Kapoor brushed aside concerns on asset quality, saying the net NPA ratio remains unchanged at 0.29 per cent.
The city-based bank's core net interest income rose 24.2 per cent to Rs 1,316.6 crore on a 33 per cent growth in advances and a jump in low-cost current and saving account deposits to Rs 29 per cent.
Non-interest income grew 65.2 per cent to Rs 900.5 crore, largely on a jump in treasury income at Rs 202 crore against Rs 116 crore a year ago and corporate banking fees surging to Rs 410 crore, from Rs 364 crore.
Net interest margin widened marginally to 3.4 per cent and Kapoor said it will grow to 4 per cent once the CASA ratio hits 40 per cent. The bank has advanced its 40 per cent CASA deposit target by 18 months to September 2018.
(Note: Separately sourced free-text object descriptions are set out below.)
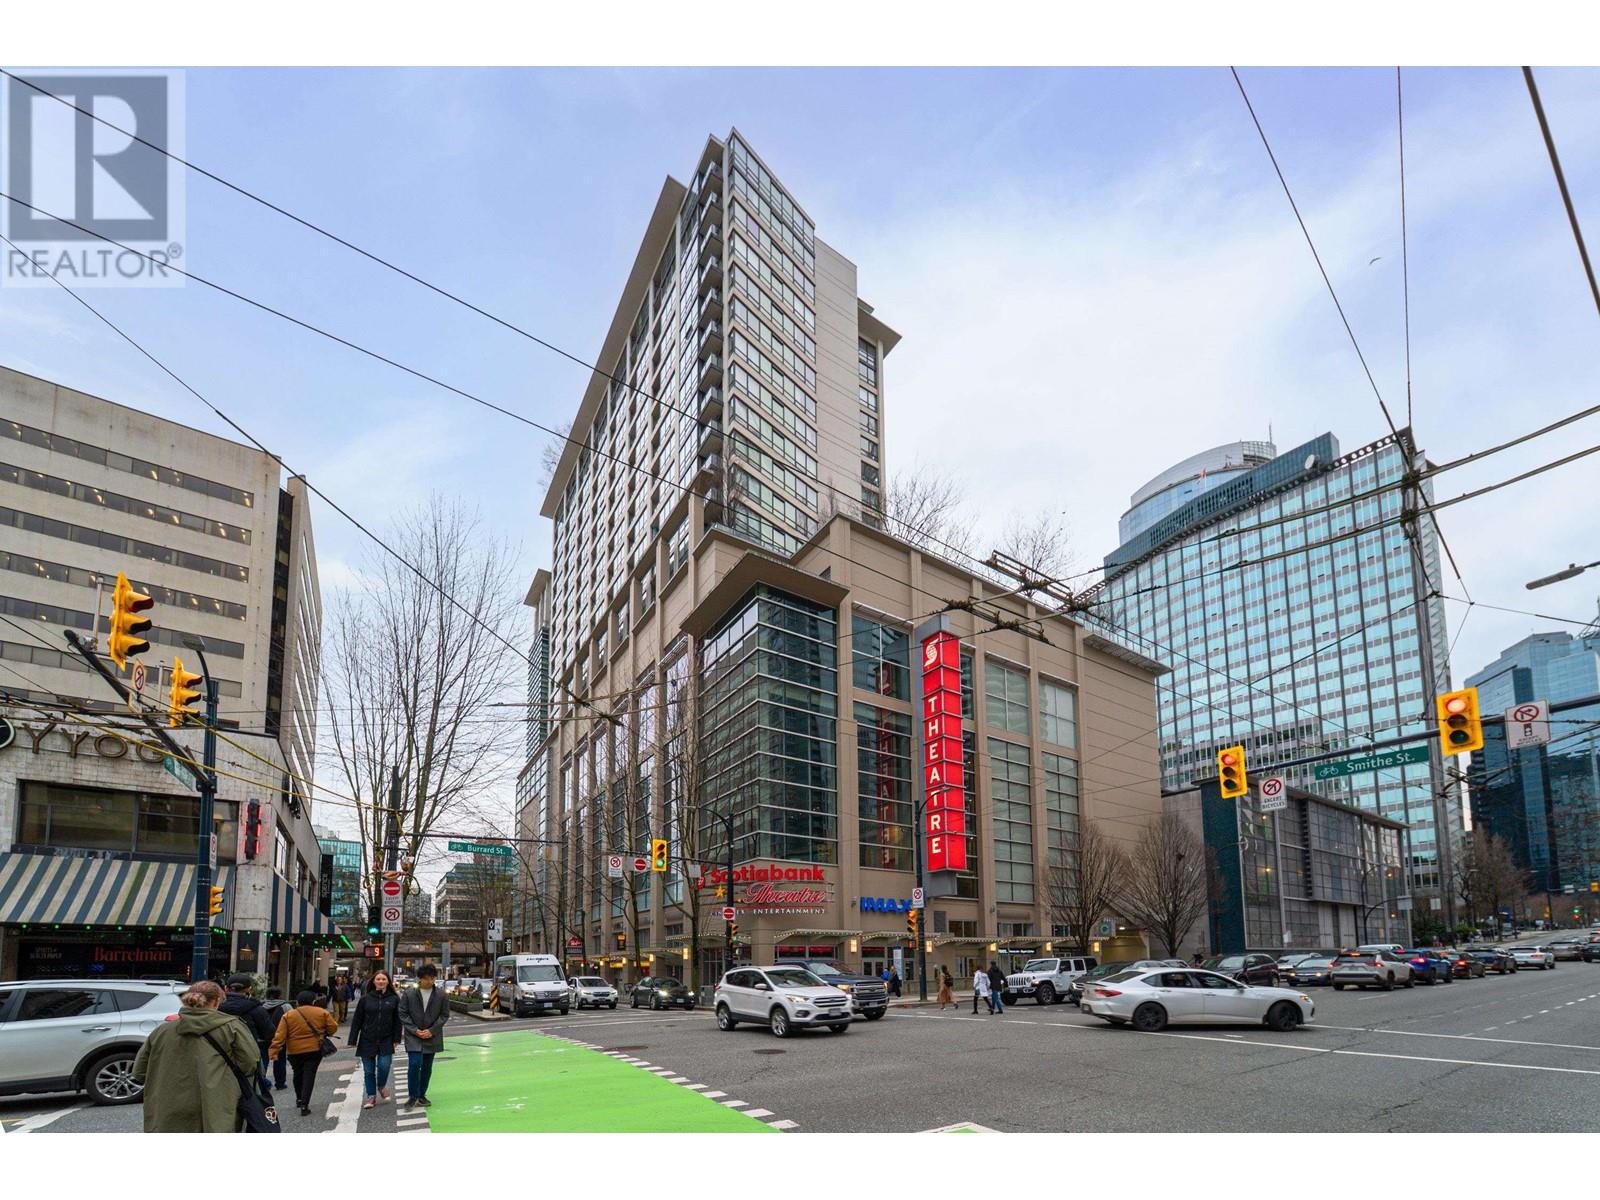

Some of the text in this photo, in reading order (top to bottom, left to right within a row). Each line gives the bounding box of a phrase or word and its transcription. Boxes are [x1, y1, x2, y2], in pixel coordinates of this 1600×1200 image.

[1346, 752, 1415, 773] Smithe St.
[927, 697, 942, 853] THEATRE
[467, 845, 506, 855] Burrard St.
[710, 864, 825, 884] Scotiabank
[860, 896, 913, 913] IMAX
[94, 945, 173, 962] Barrelman
On its USD 1-billion capital-raising programme, Kapoor today said it will be a qualified institutional placement that will kick off before March 2017 and talks are already on with investors.
After recent approvals, the bank has 32 per cent headroom to increase foreign ownership, he said, adding that it also expects a rating upgrade in the next one year.
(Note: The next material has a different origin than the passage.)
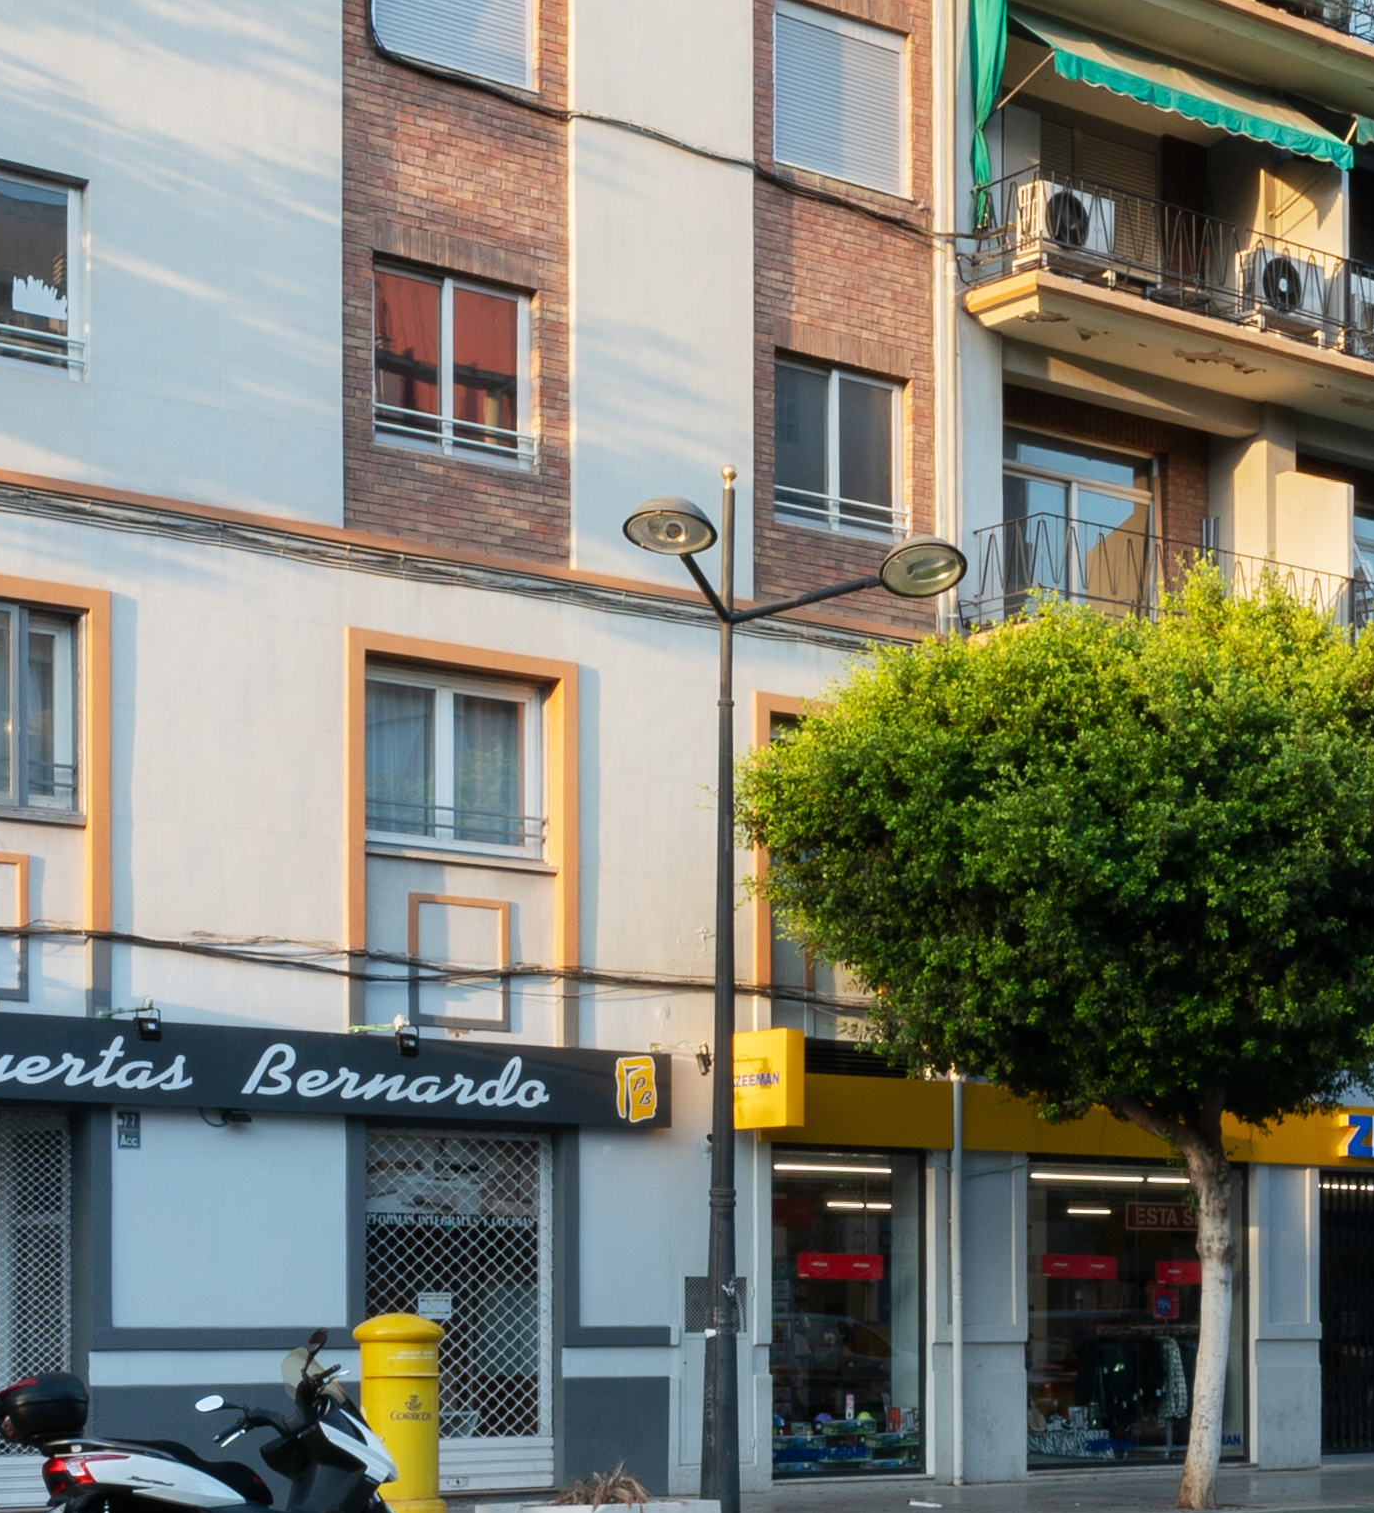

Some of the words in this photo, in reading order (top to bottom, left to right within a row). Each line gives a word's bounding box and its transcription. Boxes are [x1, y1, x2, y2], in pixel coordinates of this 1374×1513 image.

Cost to income ratio has moved down to 41.1 per cent. Kapoor said it is targeting to keep it at 39-42 per cent. Overall capital adequacy stands at 15.5 per cent, with core tier-I at 10.3 per cent.
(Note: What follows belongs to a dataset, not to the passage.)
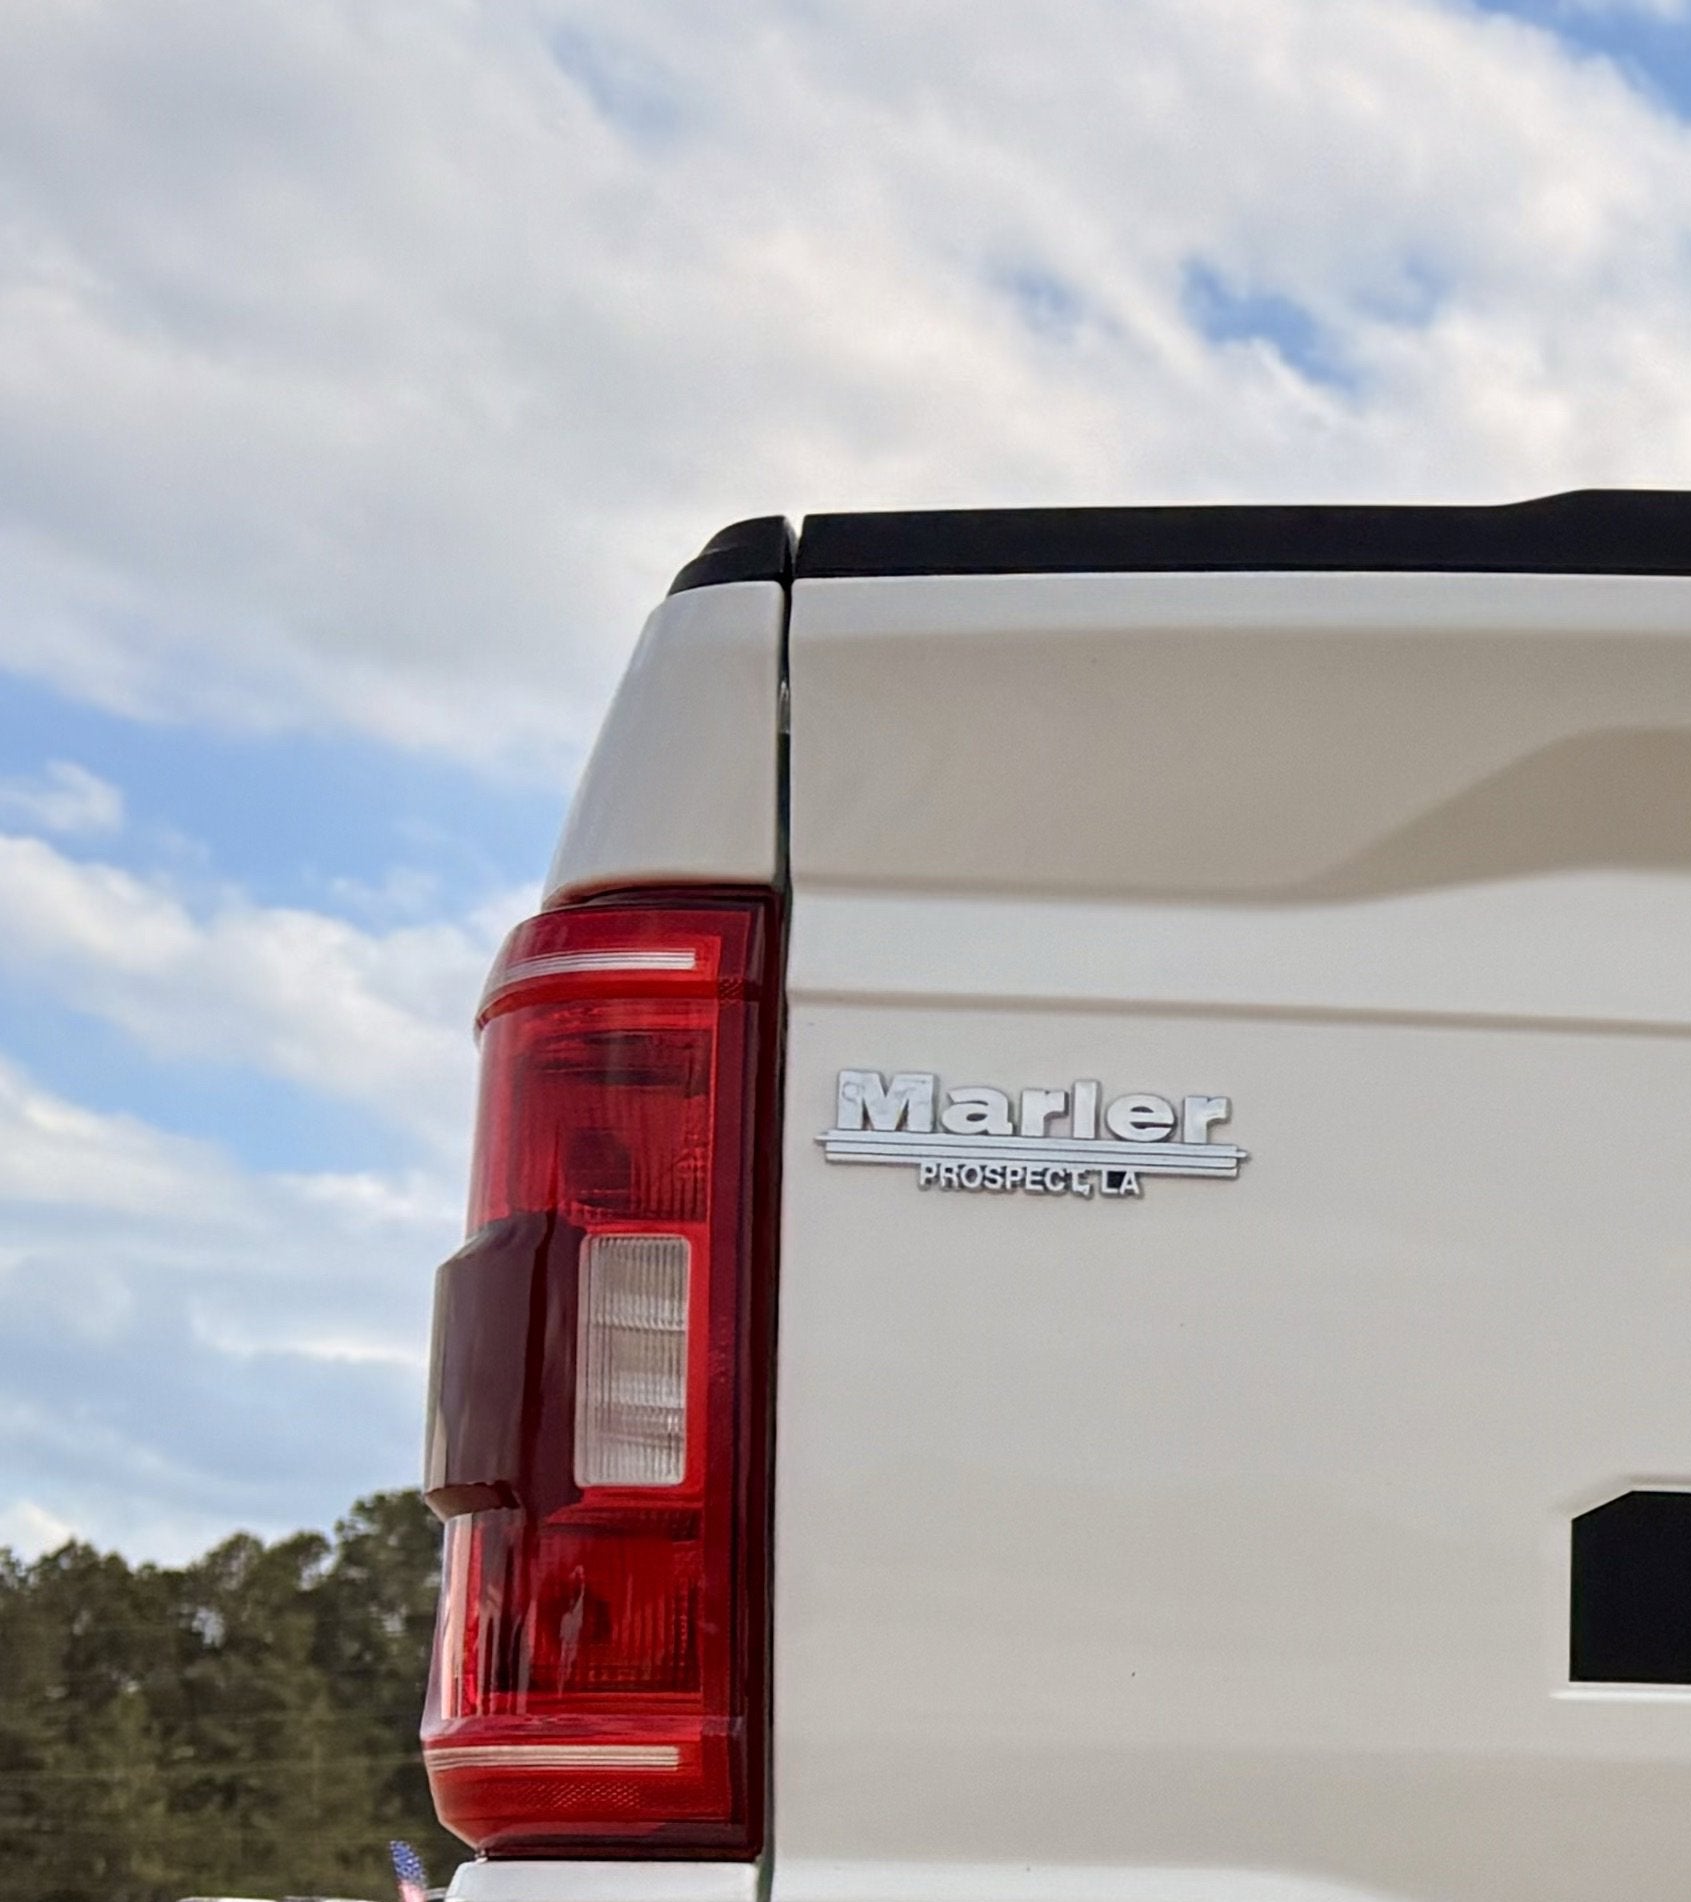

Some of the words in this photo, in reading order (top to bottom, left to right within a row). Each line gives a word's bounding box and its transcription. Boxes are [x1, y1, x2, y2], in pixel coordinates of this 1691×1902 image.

[836, 1069, 1232, 1144] Marler
[918, 1161, 1092, 1198] PROSPECT,
[1099, 1168, 1140, 1196] LA
Meanwhile, the bank said it has received markets regulator
Sebi's approval to start an asset management company and will be working on it for the next few months to enter the mutual fund space by early next fiscal.
Kapoor said the stress is on building business organically, but added that the bank is open to acquisitions that come along.
The bank will be launching a credit card next week which will complete its retail product suite. Kapoor said it will be launching seven variants of the card to target different categories.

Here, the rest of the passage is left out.